A subclass can override what happens when executing NumPy ufuncs on it by
overriding the default ndarray.__array_ufunc__
method. This method is
executed instead of the ufunc and should return either the result of the
operation, or NotImplemented
if the operation requested is not implemented.
The __array_function__
protocol#
To achieve enough coverage of the NumPy API to support downstream projects,
there is a need to go beyond __array_ufunc__
and implement a protocol that
allows arguments of a NumPy function to take control and divert execution to
another function (for example, a GPU or parallel implementation) in a way that
is safe and consistent across projects.
The semantics of __array_function__
are very similar to __array_ufunc__
,
except the operation is specified by an arbitrary callable object rather than a
ufunc instance and method. For more details, see NEP 18 — A dispatch mechanism for NumPy’s high level array functions.
3. Returning foreign objects#
A third type of feature set is meant to use the NumPy function implementation
and then convert the return value back into an instance of the foreign object.
The __array_finalize__
and __array_wrap__
methods act behind the scenes
to ensure that the return type of a NumPy function can be specified as needed.
The __array_finalize__
method is the mechanism that NumPy provides to allow
subclasses to handle the various ways that new instances get created. This
method is called whenever the system internally allocates a new array from an
object which is a subclass (subtype) of the ndarray. It can be used to change
attributes after construction, or to update meta-information from the “parent.”
The __array_wrap__
method “wraps up the action” in the sense of allowing any
object (such as user-defined functions) to set the type of its return value and
update attributes and metadata. This can be seen as the opposite of the
__array__
method. At the end of every object that implements
__array_wrap__
, this method is called on the input object with the highest
array priority, or the output object if one was specified. The
__array_priority__
attribute is used to determine what type of object to
return in situations where there is more than one possibility for the Python
type of the returned object. For example, subclasses may opt to use this method
to transform the output array into an instance of the subclass and update
metadata before returning the array to the user.

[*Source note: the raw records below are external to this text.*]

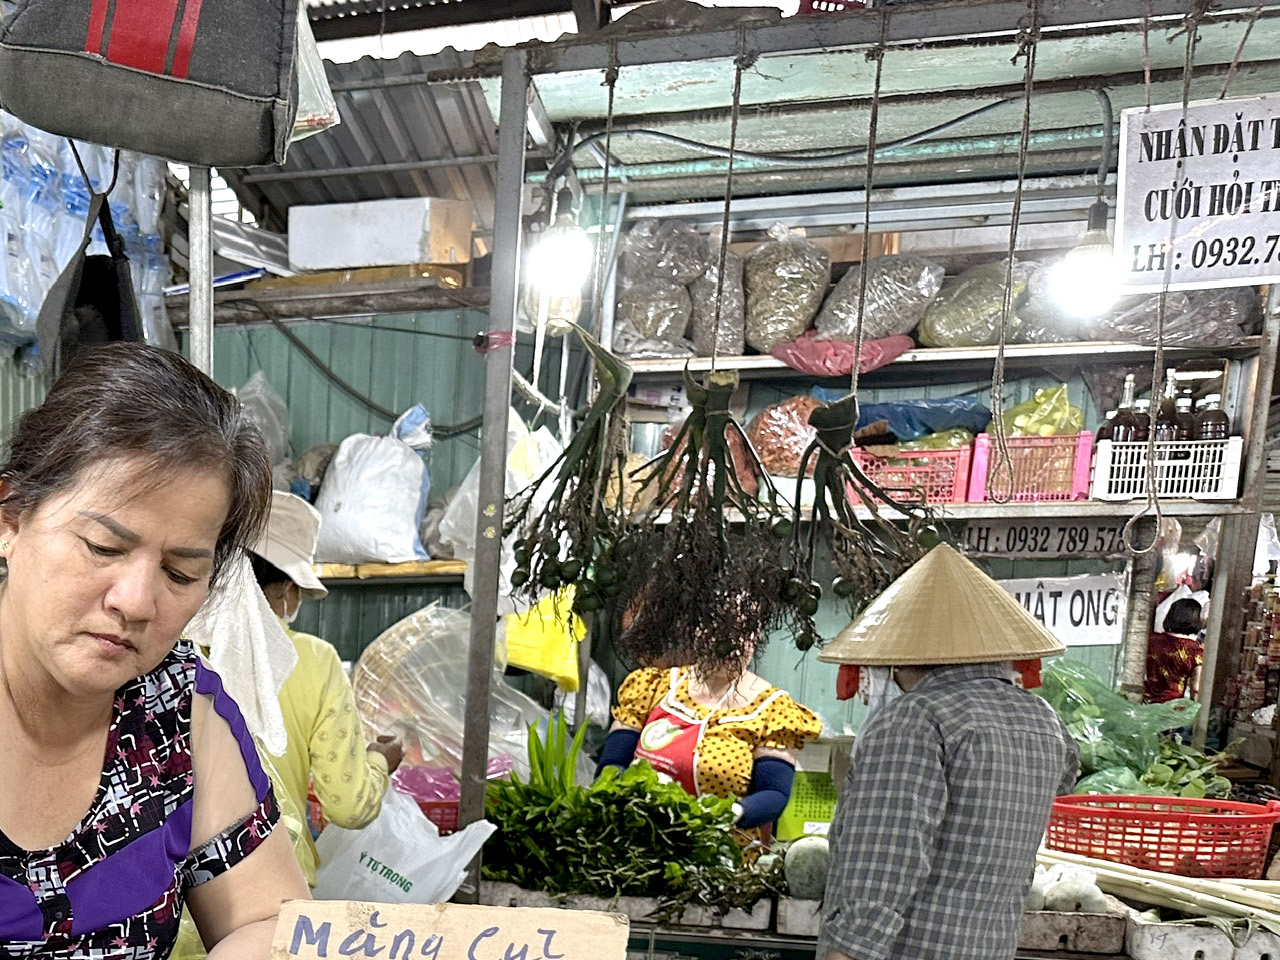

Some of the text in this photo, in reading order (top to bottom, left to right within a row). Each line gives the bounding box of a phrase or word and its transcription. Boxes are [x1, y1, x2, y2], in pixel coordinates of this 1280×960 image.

[1138, 118, 1207, 168] NHẬN
[1212, 112, 1264, 162] ĐẶT
[1144, 177, 1203, 222] CƯỚI
[1207, 169, 1255, 216] HỎI
[1191, 234, 1280, 270] 0932.7
[1006, 526, 1050, 552] 0932
[1056, 527, 1089, 552] 789
[1069, 587, 1119, 627] ONG
[378, 865, 413, 894] TRỌNG
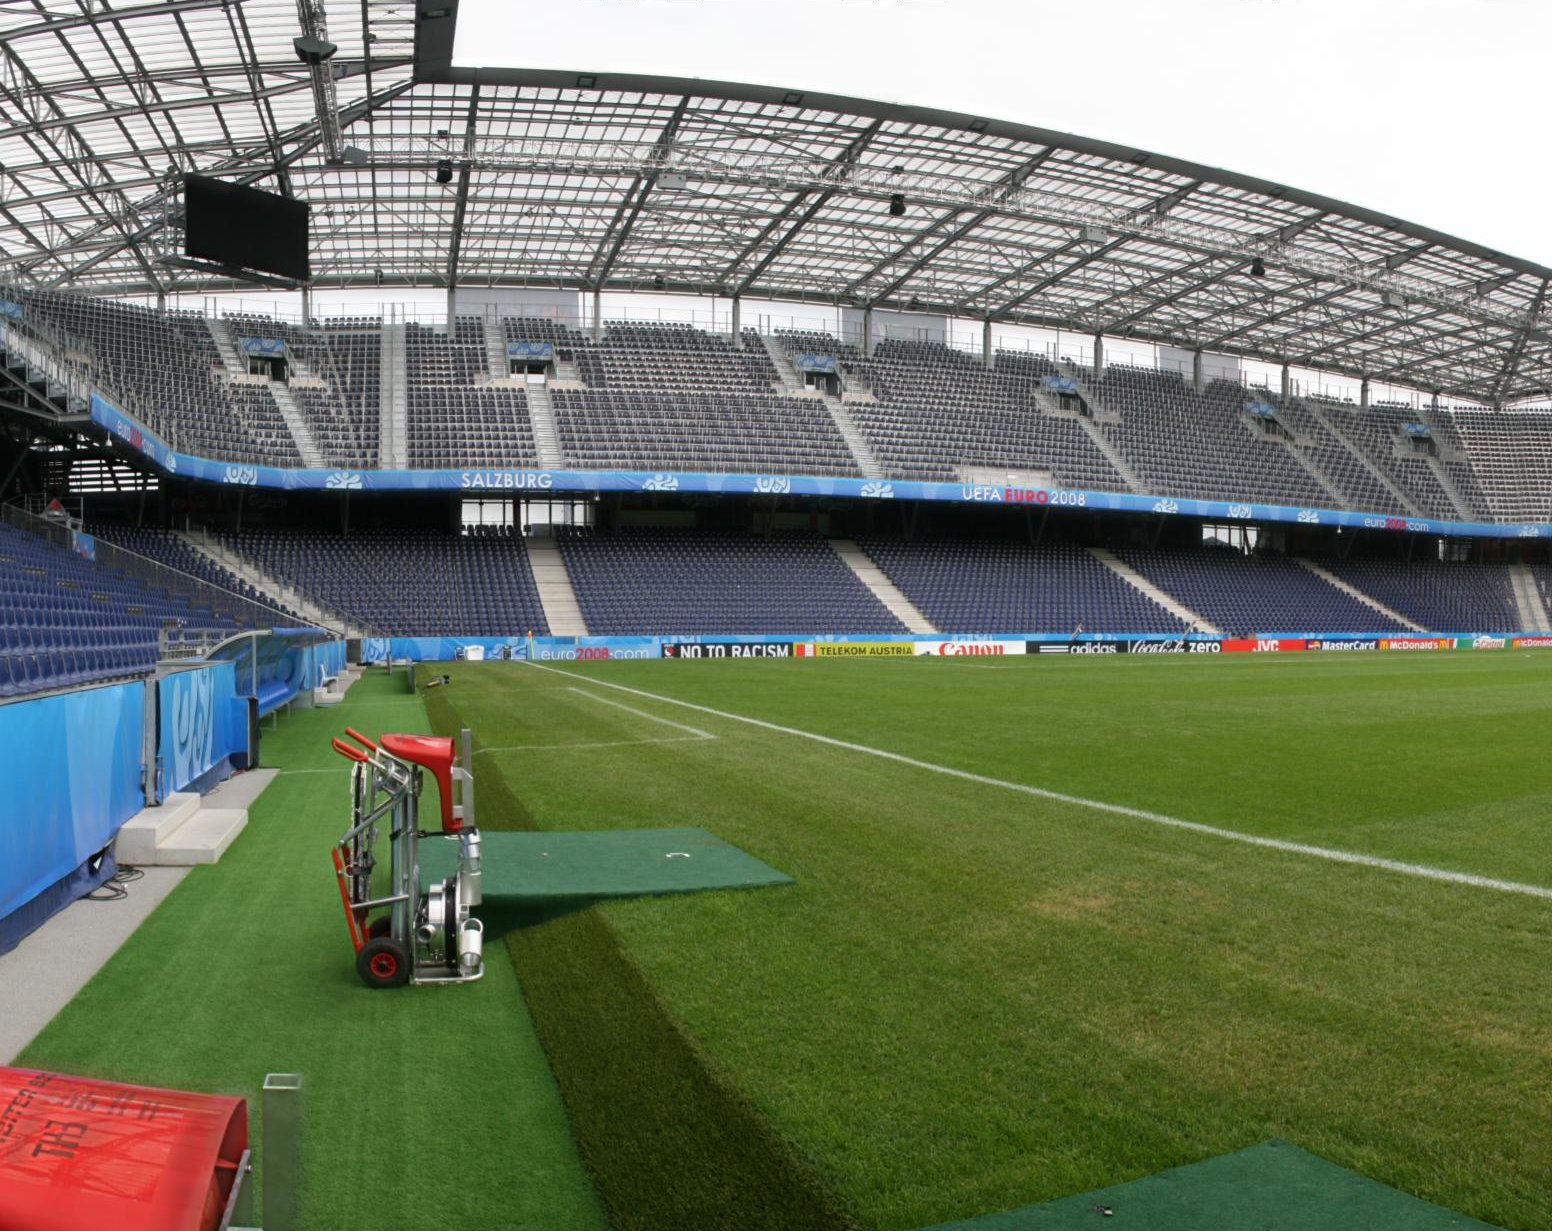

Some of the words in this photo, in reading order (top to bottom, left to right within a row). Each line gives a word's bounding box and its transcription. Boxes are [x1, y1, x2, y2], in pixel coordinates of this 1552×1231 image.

[461, 472, 553, 488] SALZBURG
[962, 487, 1002, 501] UEFA
[1004, 488, 1049, 504] EURO
[1050, 491, 1086, 507] 2008
[680, 644, 702, 657] NO
[705, 644, 728, 657] TO
[731, 644, 789, 657] RACISM
[820, 646, 867, 656] TELEKOM
[869, 646, 913, 655] AUSTRIA
[938, 642, 1004, 655] Canon
[1070, 642, 1117, 654] adidas
[1189, 641, 1221, 653] zero
[1251, 640, 1280, 652] JVC
[1321, 641, 1376, 650] MasterCard
[1389, 641, 1439, 650] McDonald's

For more information on these methods, see Subclassing ndarray and Specific features of ndarray sub-typing.
Interoperability examples#
Example: Pandas Series
objects#
Consider the following:
>>> import pandas as pd
>>> ser = pd.Series([1, 2, 3, 4])
>>> type(ser)
pandas.core.series.Series
Now, ser
is not a ndarray, but because it
implements the __array_ufunc__ protocol,
we can apply ufuncs to it as if it were a ndarray:
>>> np.exp(ser)
0 2.718282
1 7.389056
2 20.085537
3 54.598150
dtype: float64
>>> np.sin(ser)
0 0.841471
1 0.909297
2 0.141120
3 -0.756802
dtype: float64
We can even do operations with other ndarrays:
>>> np.add(ser, np.array([5, 6, 7, 8]))
0 6
1 8
2 10
3 12
dtype: int64
>>> f(ser)
21.1977562209304
>>> result = ser.__array__()
>>> type(result)
numpy.ndarray
Example: PyTorch tensors#
PyTorch is an optimized tensor library for deep learning using GPUs and CPUs. PyTorch arrays are commonly called tensors. Tensors are similar to NumPy’s ndarrays, except that tensors can run on GPUs or other hardware accelerators. In fact, tensors and NumPy arrays can often share the same underlying memory, eliminating the need to copy data.
>>> import torch
>>> data = [[1, 2],[3, 4]]
>>> x_np = np.array(data)
>>> x_tensor = torch.tensor(data)
Note that x_np
and x_tensor
are different kinds of objects:
>>> x_np
array([[1, 2],
[3, 4]])
>>> x_tensor
tensor([[1, 2],
[3, 4]])
However, we can treat PyTorch tensors as NumPy arrays without the need for explicit conversion:
>>> np.exp(x_tensor)
tensor([[ 2.7183, 7.3891],
[20.0855, 54.5982]], dtype=torch.float64)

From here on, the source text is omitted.